IWSG: Window Staring

It's the first Wednesday of the month, which hails the regular arrival of the Insecure Writer's Support Group, hosted by Ninja Captain Alex J. Cavanaugh. The group offers a place for writers of all kinds to support each other in those ever-present moments of insecurity.

While many use this as an opportunity to vent their frustrations, I realized early on that if I keep posting about my own insecurities, these posts will start sounding very similar. So I decided to move away from "woe is me" and focus on motivation and encouragement, centering my IWSG posts on inspirational quotes from people I admire.

This month's quote comes from Burton Rascoe. Most well known as a literary editor for the New York Herald Tribune, Rascoe was renowned in the twenties and thirties, publishing several non-fiction books on authors and literary commentary throughout his life. Though I'm not sure where it originated, the following quote is attributed to him:

"What no wife of a writer can ever understand is that a writer is working when he's staring out of the window."


As most of you have come to know by now, I can be a veritable quote machine at times, but this one definitely ranks high on my all time favorites list. If we forgive the gender bias of the language Rascoe employed, I think this is one of those universal chunks of aphorism that make writers of nearly every size, shape, and genre say, Yes! Someone understands!

I've done a bit of preaching here and there on this blog about organization and work ethic. For the most part, I think I've made it clear that I believe writers should approach the craft as professionals if we want to be successful at this—that is, we should treat writing like a genuine profession, not some fleeting weekend hobby. And I absolutely believe that's true. The written word is serious business, and it demands equal parts ardor and diligence. But sometimes it's important to stop and remind ourselves that we're not punching the clock and filing into a cubicle when we write. We are engaging art, and damn it, sometimes that means staring out of a window.
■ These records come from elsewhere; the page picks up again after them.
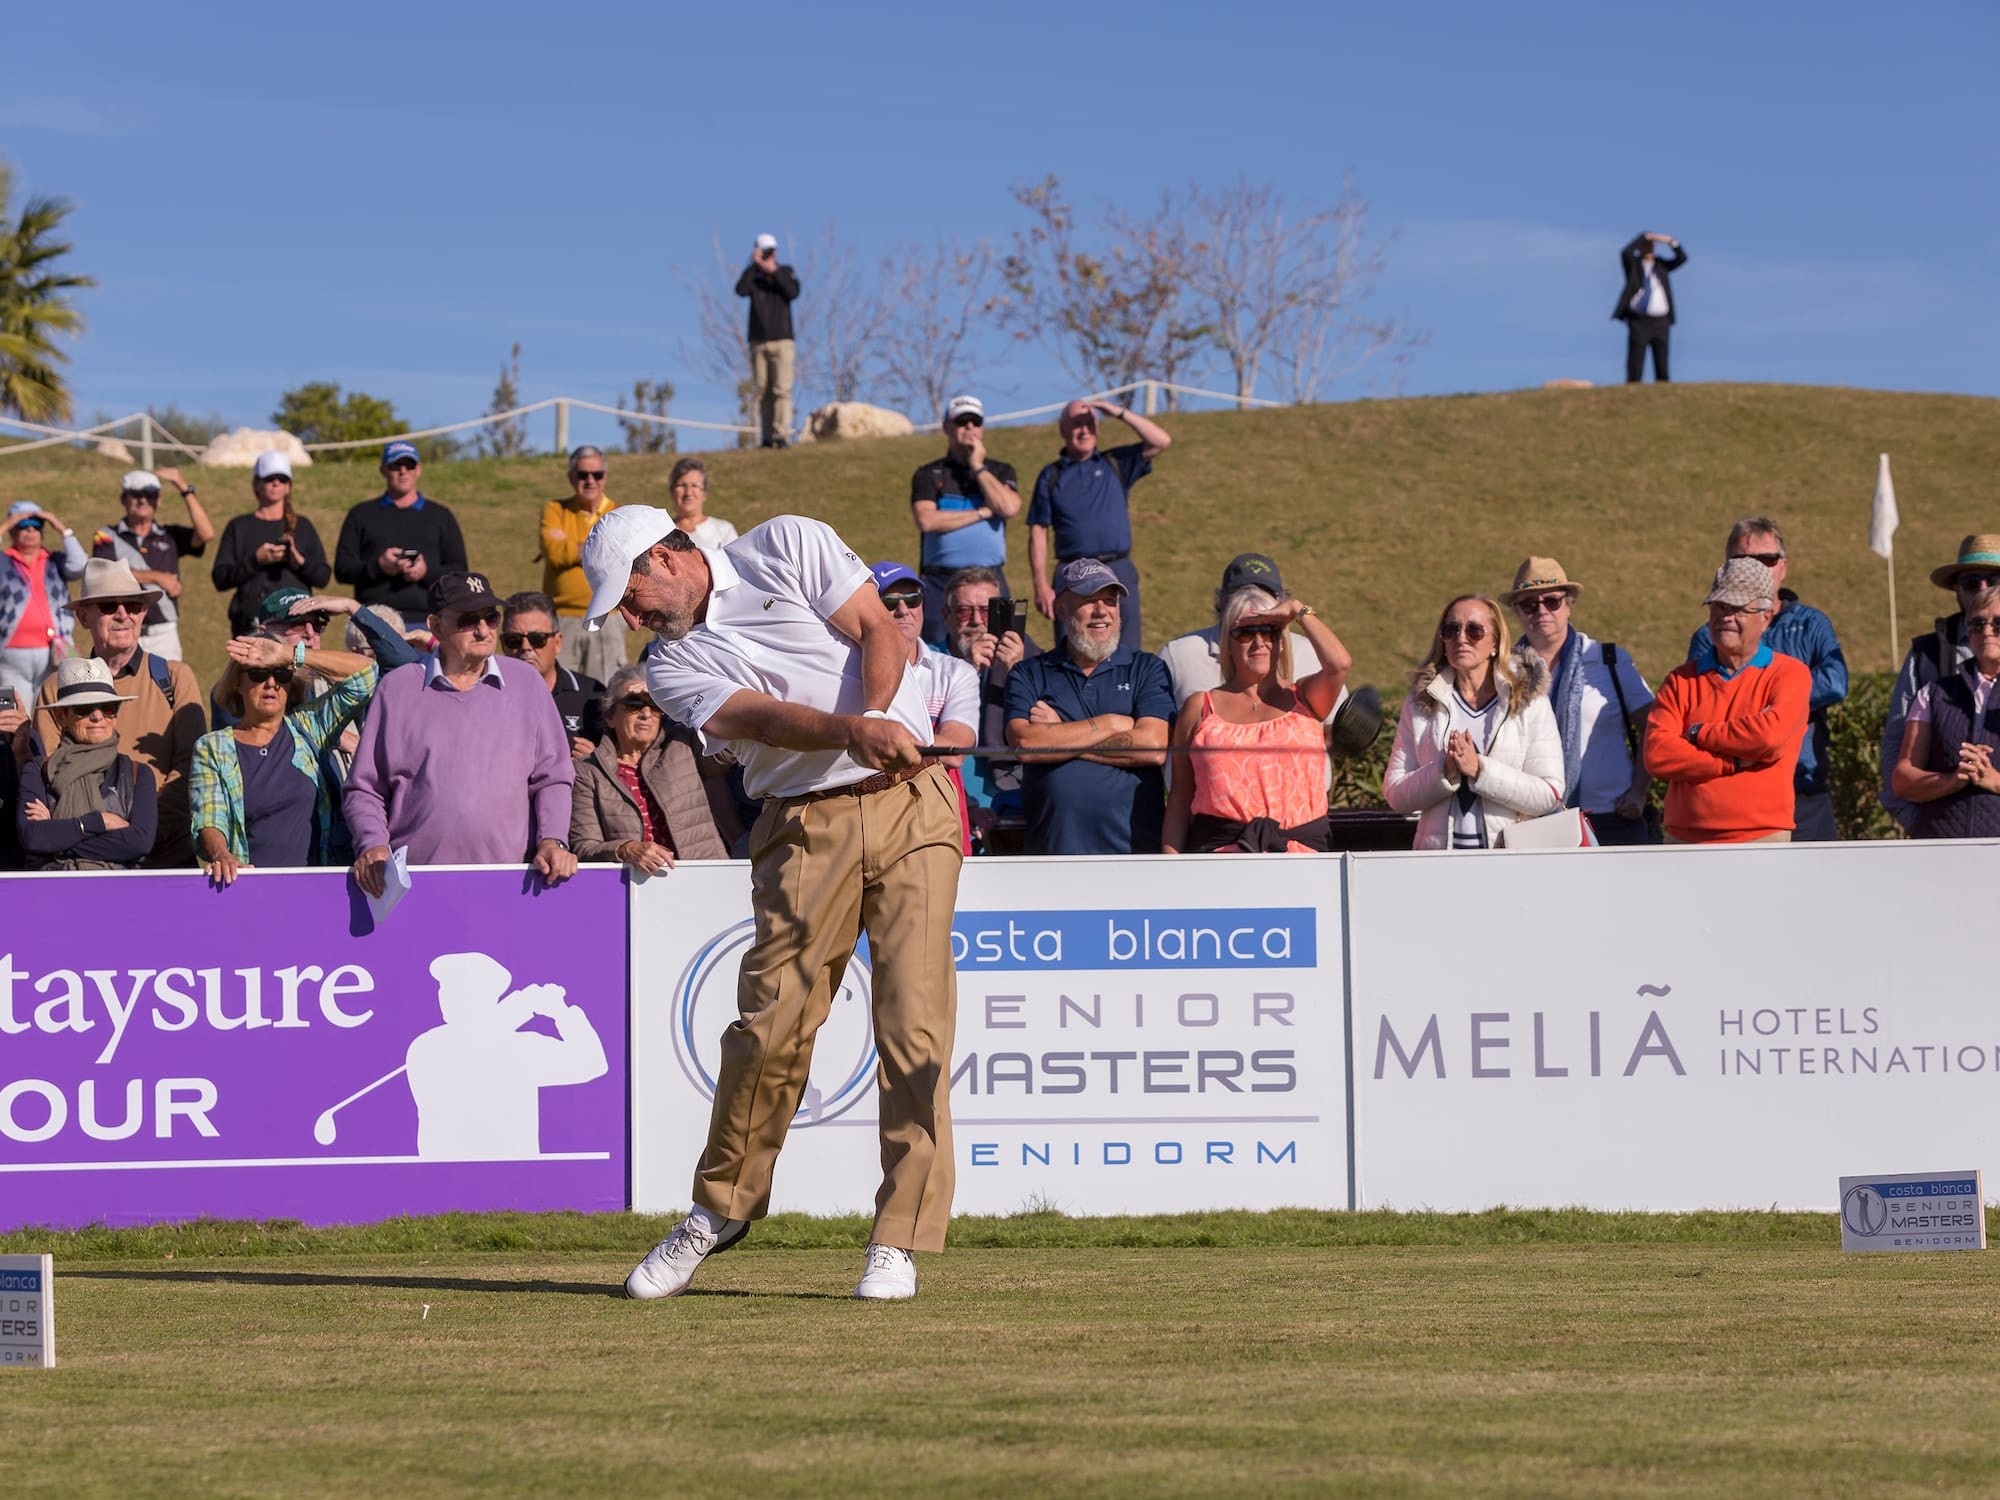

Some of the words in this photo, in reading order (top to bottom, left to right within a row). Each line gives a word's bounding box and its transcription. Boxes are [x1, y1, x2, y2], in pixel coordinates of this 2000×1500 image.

[951, 920, 1062, 962] osta
[1108, 919, 1291, 961] blanca
[0, 953, 375, 1064] taysure
[985, 992, 1295, 1029] ENIOR
[1720, 1006, 1879, 1036] HOTELS
[1720, 1045, 2000, 1075] INTERNATIO
[0, 1078, 220, 1143] OUR
[971, 1141, 1297, 1167] ENIDORM
[1888, 1185, 1923, 1197] costa
[1931, 1183, 1972, 1195] blanca
[1891, 1200, 1974, 1213] SENIOR
[1891, 1214, 1974, 1229] MASTERS
[1894, 1236, 1976, 1246] BENIDORM
[0, 1319, 38, 1337] ERS
Sometimes it means closing your eyes and listening to music, or going for a walk at night and looking up at the moon. These aren't usually the kinds of things you can pencil into a work schedule, but they can do wonders when you let them.

It seems obvious, I know. Hell, it's practically a stereotype: the aspiring writer sitting on the edge of a pier with notepad in hand, staring off into the sun as it sets over the ocean. But usually this image is colored derisively, as though writers, poets, painters, and any other artsy-fartsy types are just slackers in disguise. That's what Rascoe was referring to with his generalizing jab at the spouses and partners of the writerly ilk. If you're not someone that spends the better part of your day chasing the muse, it might be difficult to understand how relaxing in a hammock, watching a good movie, or playing a mindless video game can contribute to anyone's 'work.' Most people do these things to escape demands and responsibilities, not to nurture creativity. But there's no reason you should feel bad for engaging in a little recreation and reflection from time to time. These moments really can grease the wheels of inspiration if you let them (and as long as you don't overdo it).
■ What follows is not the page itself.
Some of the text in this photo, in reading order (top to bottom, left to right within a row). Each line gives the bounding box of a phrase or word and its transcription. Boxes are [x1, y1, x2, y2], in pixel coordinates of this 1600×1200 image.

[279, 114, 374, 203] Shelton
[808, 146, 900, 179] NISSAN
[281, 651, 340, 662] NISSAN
So the next time your better half catches you staring into the distance while you're supposed to be working, just direct them to Mr. Rascoe's words of wisdom. And better yet, don't be afraid to remind yourself to stop and listen to the churning of the universe every now and again between writing sessions. Hard work will always pay off in the end, but so will the occasional ruminative interlude.

Comments

  1. Thanks for this! As someone who has over greased the wheels of inspiration for far too long, I needed to be reminded that there should be discipline involved in my writing.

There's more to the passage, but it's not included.